Swine flu, he asks, scratching his little head, what was that all about? Only this time last year swine flu was the new black; we were being deluged with tsunamis of guidelines and protocols, whole swathes of the rainforest being denuded, a new one from a different organisation every day, everyone trying to ensure their particular pound of flesh had it's day in the sun, each guideline and protocol to be followed a few days later by a revised guideline and protocol with strict instructions to ignore the previous guideline and protocol.
The public were alternatively being terrified by the prospect of a viral Armageddon, people dying like flies in the streets, and then reassured that really it wouldn't be too bad, so they ended up even more confused than ourselves.

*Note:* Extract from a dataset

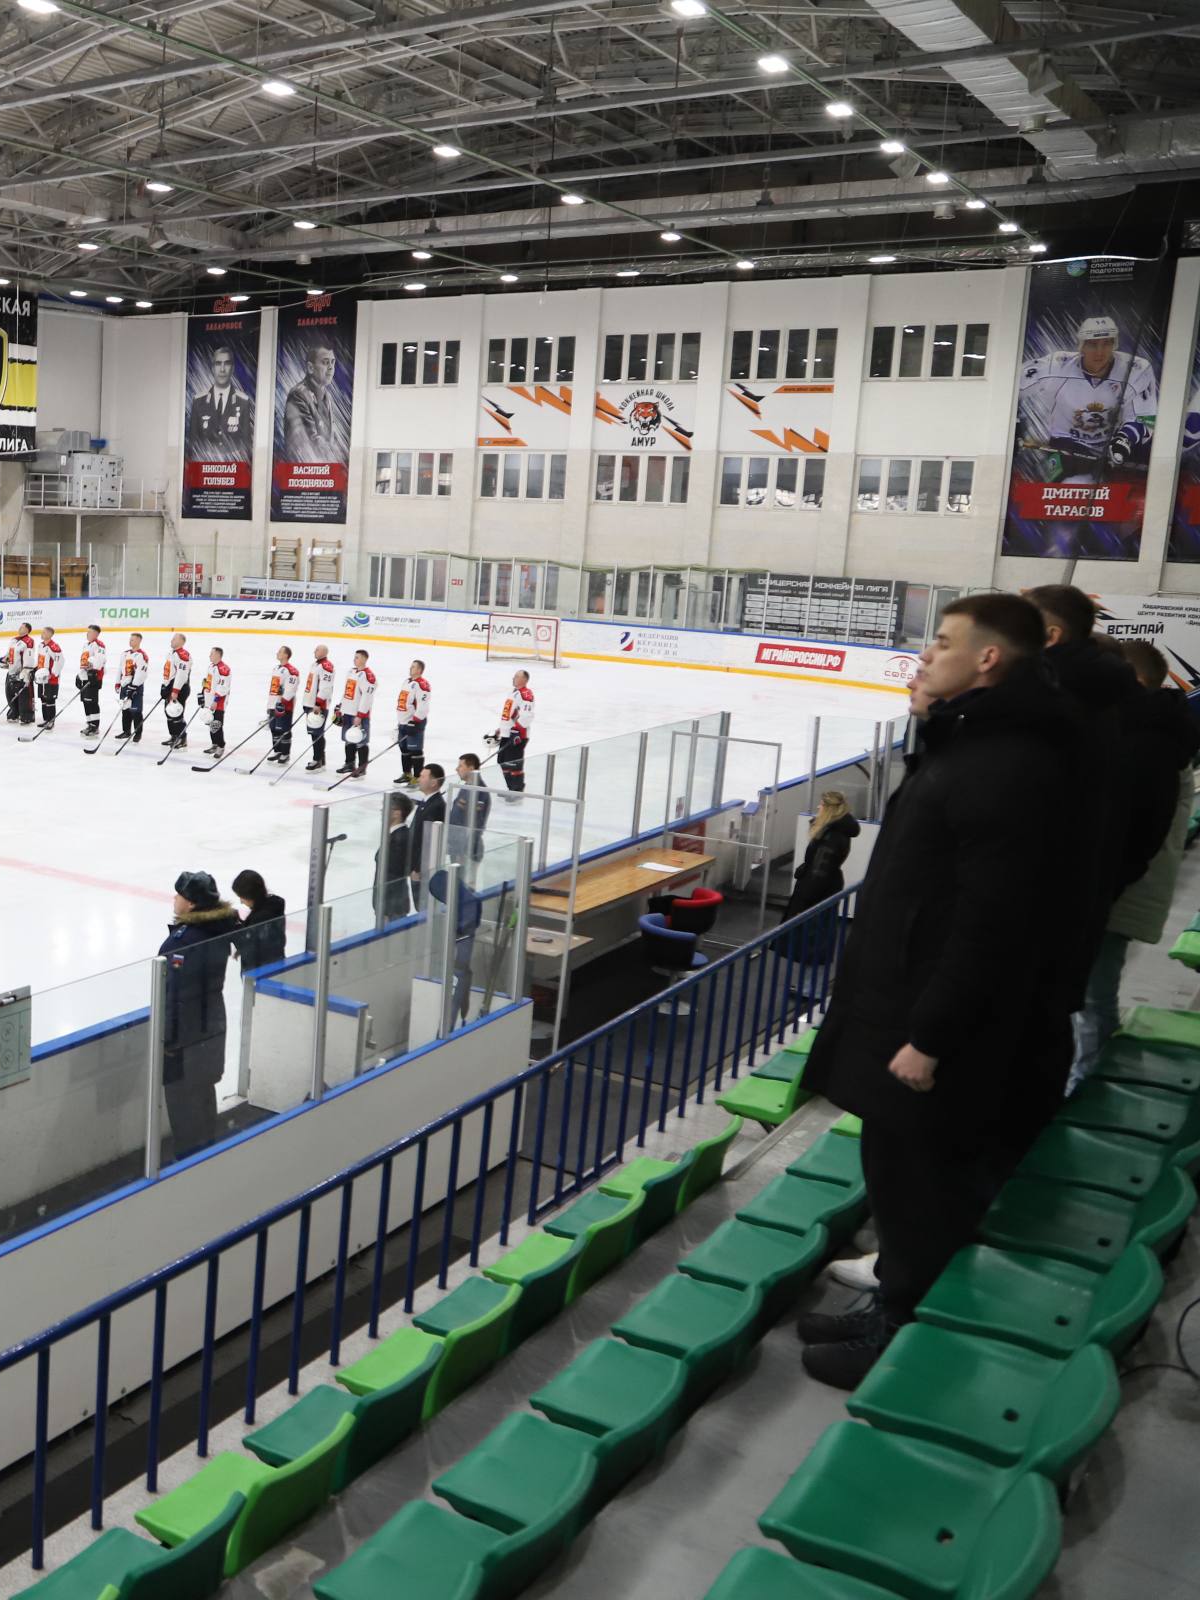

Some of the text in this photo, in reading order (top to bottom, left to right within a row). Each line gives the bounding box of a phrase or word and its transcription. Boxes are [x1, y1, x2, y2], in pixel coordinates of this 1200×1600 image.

And the diverse and colourful paraphernalia, the face masks, the protective clothing, where has all that stuff gone? The international conferences, the obsessive hand washing, those little antiseptic stations popping up everywhere, I kind of miss them. Where have all the flowers gone, I feel like singing, nostalgia being my great vice.
SARS and bird flu, it seems, were just trial runs for the Big One. As the swine flu bandwagon gathered speed, it became like a runaway train, and GPs were right there, bang in the middle of the track - although amazingly, I don't know any GPs who actually contracted swine flu (probably due to our rigorous antiseptic precautions and attention to hygiene and all the masks and stuff).
And the vaccines, where are they now? Tucked away in some obscure storage facility, slowly going mouldy and out of date, but that's all right, the NHS has already paid for them, I'm sure, so long as the drug companies are happy, that's the important thing.